I’m going to be cheeky and pick two.
The first is ‘Heroes’. The comic book genre has been done to death –at least in comic book land. I think the premise of what would happen in the REAL WORLD if people got comic book powers is fresh, meaty and pure genius.
The second is the thinking behind Lurpak in the UK . Food culture in the UK is confusing. We’re supposed to be excellent cooks, buy ethically, be healthy and somehow fit this into busy lives. Lurpak helps is simplify the confusion by showing us that the secret is simple – quality of ingredients. This common sense voice allows them to talk about all sorts of things, like faddy diets. The secret to losing weight is just to eat a little bit less! Love it.



With all this blogging and all this information that keeps us "a step ahead" aren't we losing sight of what's important and relevant. How much is it just procrastination or intellectual masturbation as John Steel called it?

There’s never been a better time to be a planner. Thanks to blogging you can rub shoulders with all sorts of great thinkers, and work out some ideas of your own in public, and allow the feedback to refine it, or tell you your wasting your time for that matter. That has to be a good thing - so long as we all remember that planning isn’t about coffee mornings and clever blog posts. It’s about hard work, rigour and making hard choices. It’s about meeting the people your intend the work to be aimed at, it’s about evidence. It’s about rigour The explosion if information and choice has left many people in agencies confused, it’s up to planners to help them make sense of it all. I find that exciting.



We're always talking about maintaining our creative edge, but what should we do to keep our feet on the ground?

Make sure you’re always in touch with the real people beyond the walls of your agency. That means reading what they do, watching what they do and meeting them as often as possible. Some of that is making sure you watch – and ideally do – as much of the qual research as you can, but some of that is wandering around the kind of places they hang out and watching what they do, how they talk what they’re all wearing.
It’s easy to be seduced by a wonderful creative idea, and forget it will be totally uninteresting, or irrelevant to the people it’s aimed at.
Also, a friend of mine uses the phrase, “Stay close to the money”. He means spend as much time with the people who’s livelihoods depend on your strategy. When you have to present a TV campaign to a bunch of surly sales managers, who’s bonus depends of the success of your ideas, you’d be amazed how unimportant the size of the logo becomes.
The best thing that ever happened to me was having six months between agency jobs. I was bored, the money began to run out, so I spent some time in a call centre. 8 hours a day on the phone talking about plumbing and drainage insurance, in an office with many people who didn’t have a future beyond doing this kind of thing forever. Doses of reality like that are invaluable.
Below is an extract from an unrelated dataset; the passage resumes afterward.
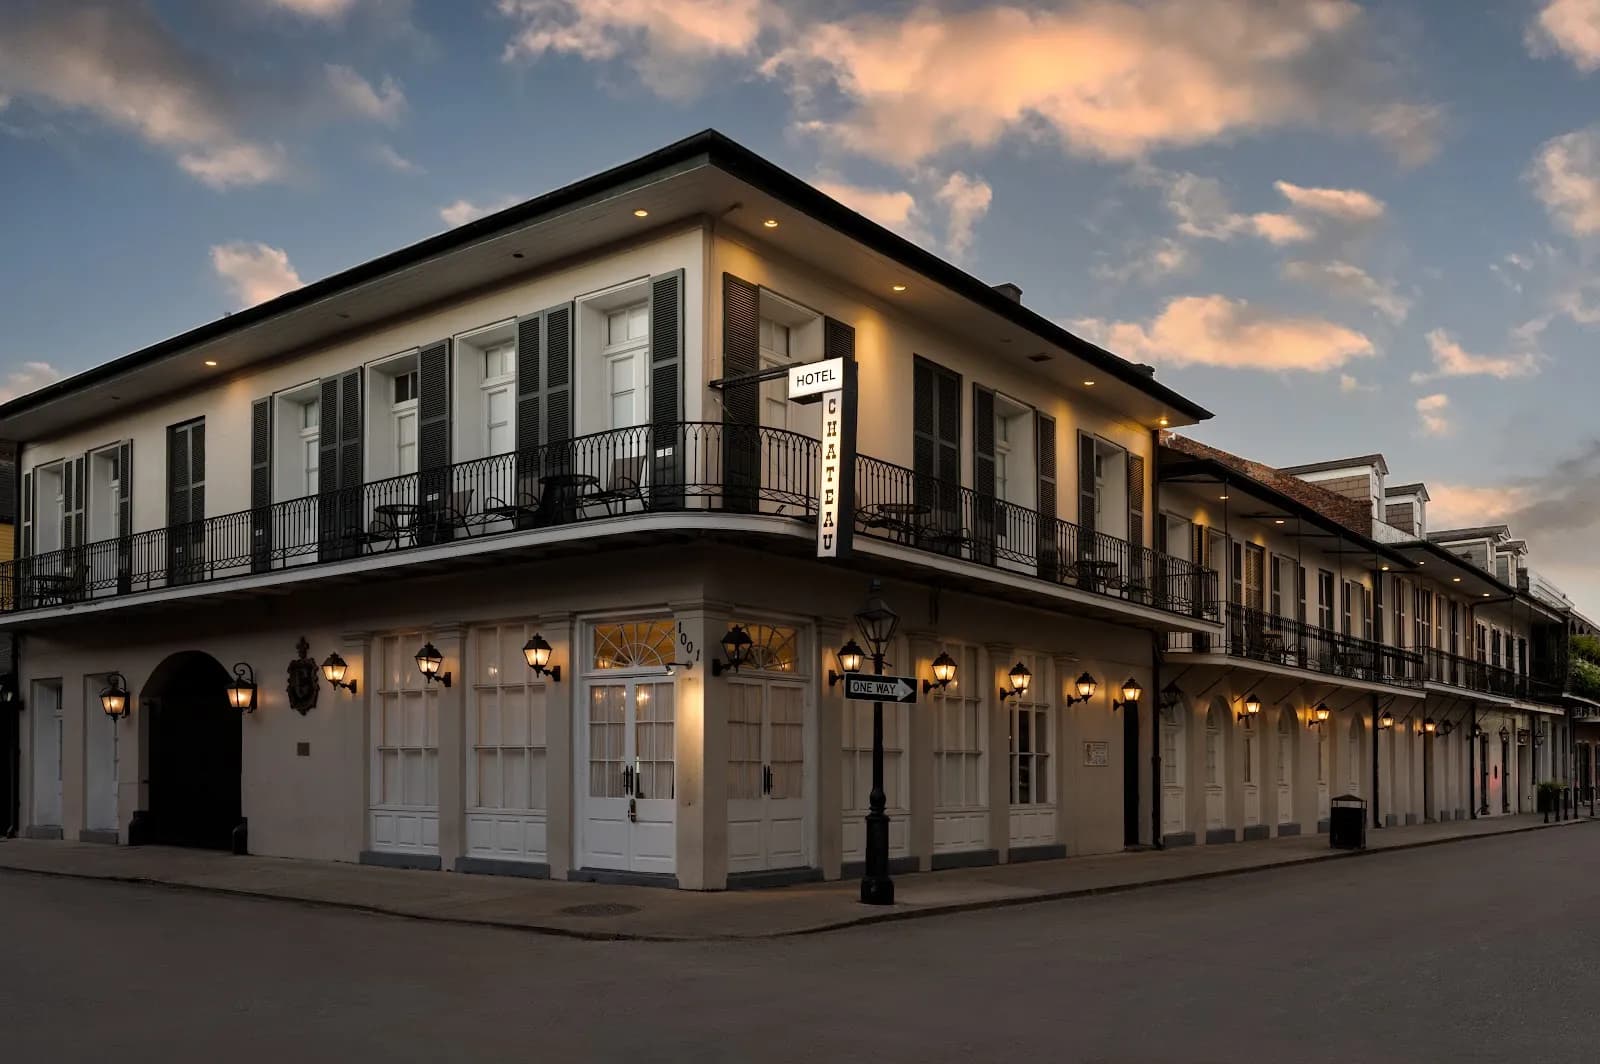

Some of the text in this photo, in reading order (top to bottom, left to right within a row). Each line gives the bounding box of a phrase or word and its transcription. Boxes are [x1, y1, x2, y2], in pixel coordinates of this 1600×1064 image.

[796, 368, 837, 388] HOTEL
[823, 398, 838, 550] CHATEAU
[678, 621, 700, 662] 1001
[852, 681, 896, 695] ONE WAY
Many times it's not only clients who think a planner is just another useless expense, some agency leaders think they can always manage without the help of a planner. What's the best argument for having a planner in an agency?
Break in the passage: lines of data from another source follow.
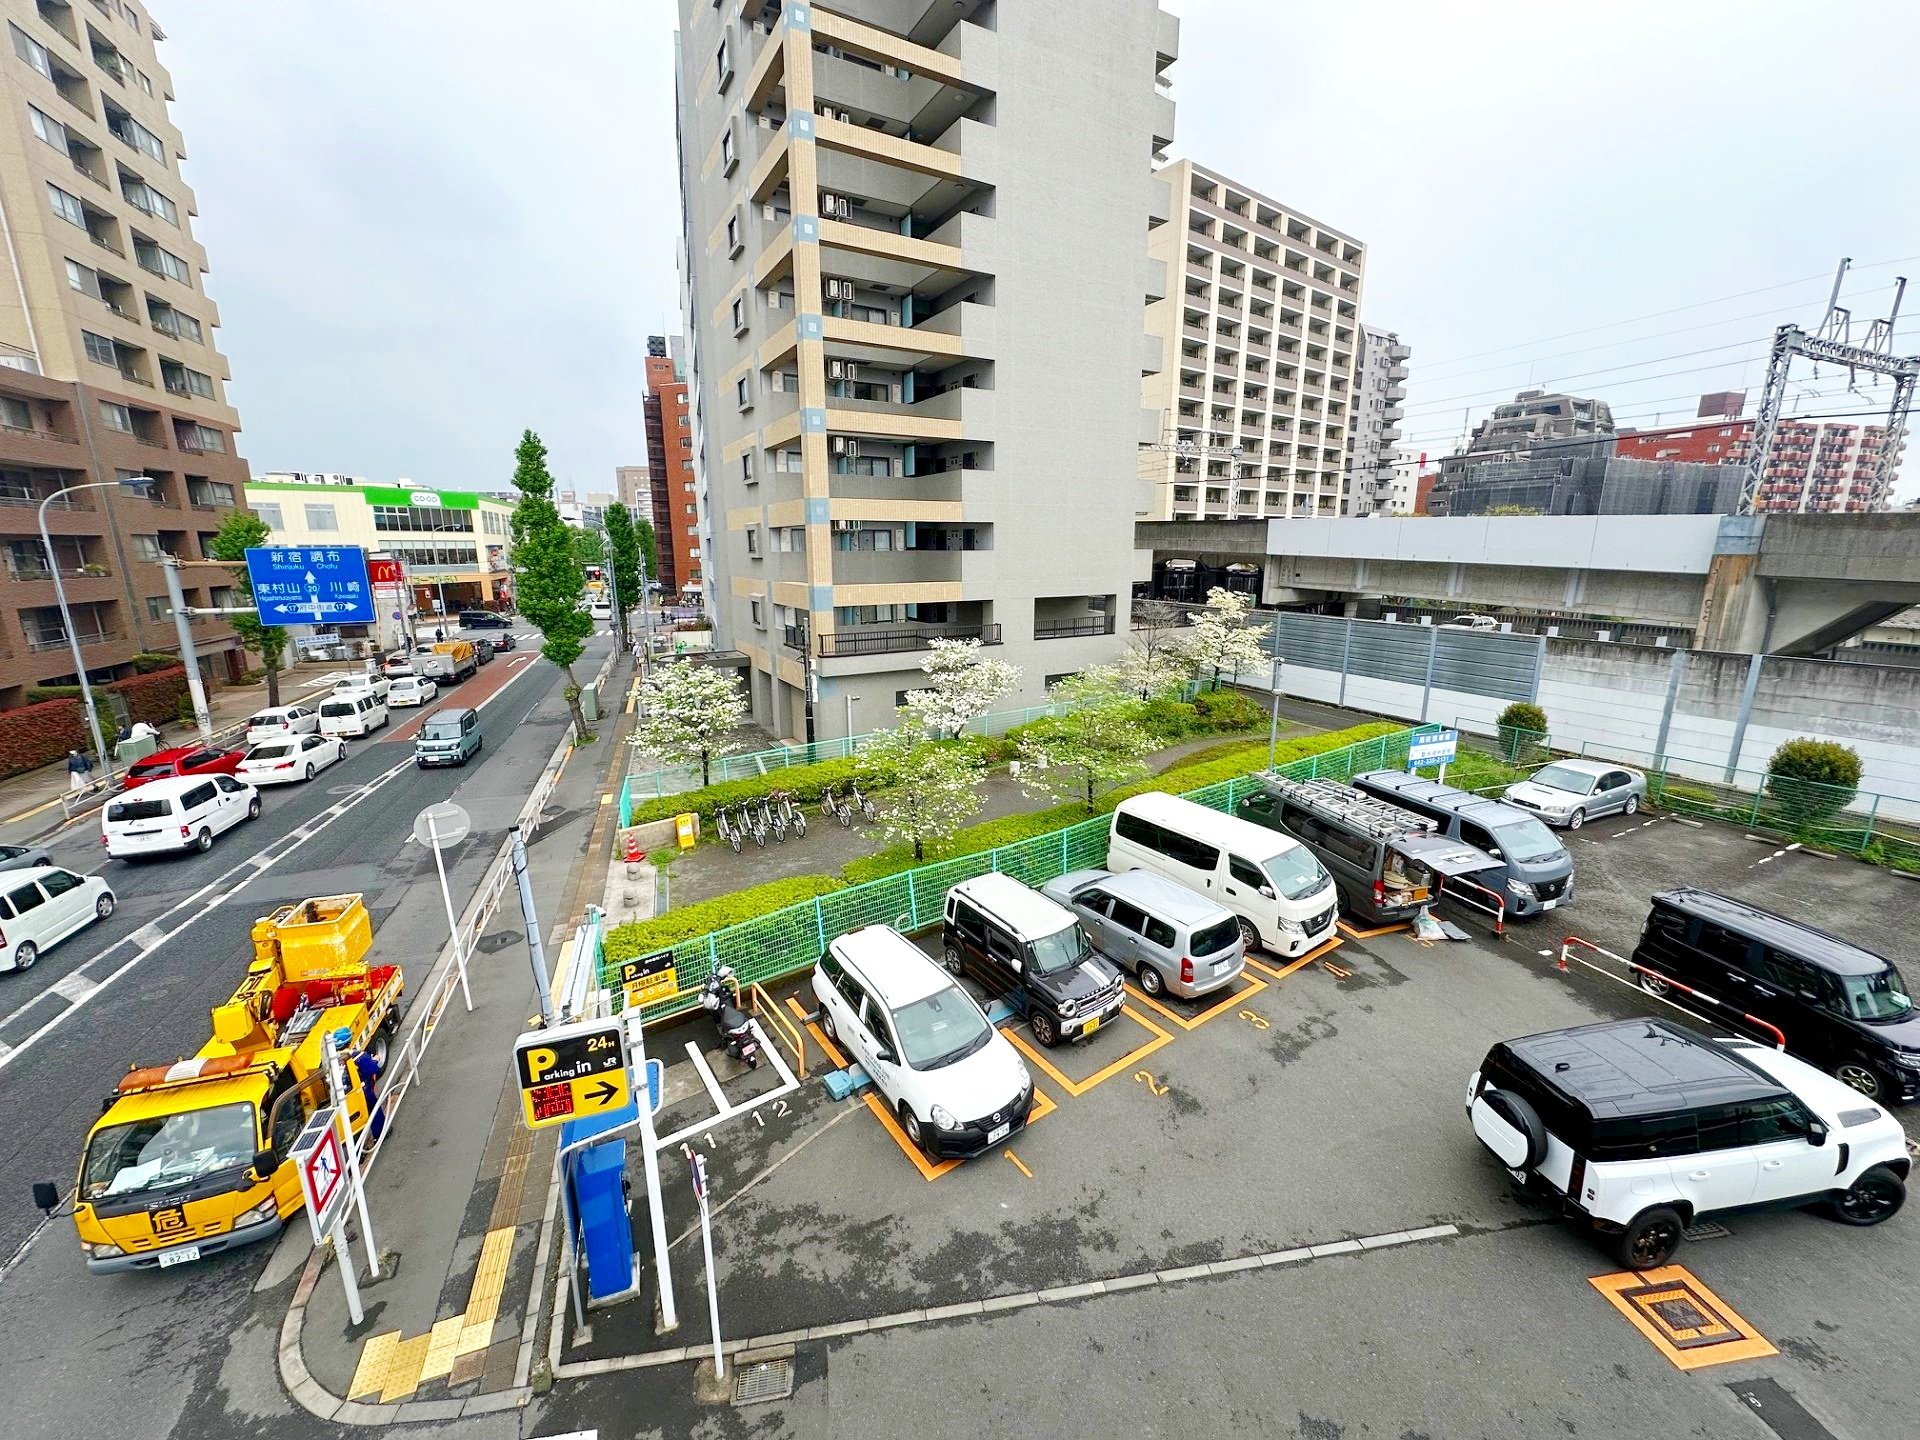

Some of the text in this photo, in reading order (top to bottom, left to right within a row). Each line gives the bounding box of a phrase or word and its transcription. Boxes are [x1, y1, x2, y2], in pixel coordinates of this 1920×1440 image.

[270, 551, 340, 563] 新宿 調布
[257, 582, 300, 595] 東村山
[329, 581, 360, 593] 川崎
[288, 604, 297, 612] 17
[335, 603, 344, 611] 17
[1239, 1010, 1270, 1030] 3
[575, 1060, 592, 1075] in
[1134, 1070, 1170, 1096] 2
[152, 1208, 185, 1233] 危
That’s a good question. It’s fashionable to talk about making sense of the fragmenting media, making the work better etc – and all those things are true, and invaluable. But in my view, the biggest value a planner has is making life easier. No one wants endless rebriefs and redrafts. The more times the client has to rebrief you, the more frustrated they get – and eventually you get fired. They want the right work, first time. By bringing the consumer into the equation, planners allow everyone to work to the same agreed goal – what will work - and get there so much quicker. That helps the age old suits v creatives conflict too. From a client point of view, planners also help clients feel like campaigns are less risk thanks to this ‘proof’– and that’s invaluable since they’re putting their neck on the line. They have a board to answer to. In other words, planners help great work get through quicker. That benefits everyone.


What do you think makes a great planner?

A healthy interest in everything and no ego. I think planning as all about connections, between brands, markets and, most importantly, real culture. The more stuff you’ve read, the more chance you have of finding a connection that’s interesting.
And creatives have to fight for their ideas, suits have to fight creatives and clients. There’s no room for more egos in there – but a non-threatening sounding board goes down well.

What's the movie that any planner should watch? What should he learn from it?

Glengarry Glen Ross. A sobering film about the hard life of a sales man. It reminds you lucky you are to be in an interesting rewarding job. It also reminds you how tiny brands are people’s lives. All those people out there face all sorts of issues everyday that agency people sometimes forget. No one gives a stuff about ‘brands’ they’re getting on with the everyday grind of real life.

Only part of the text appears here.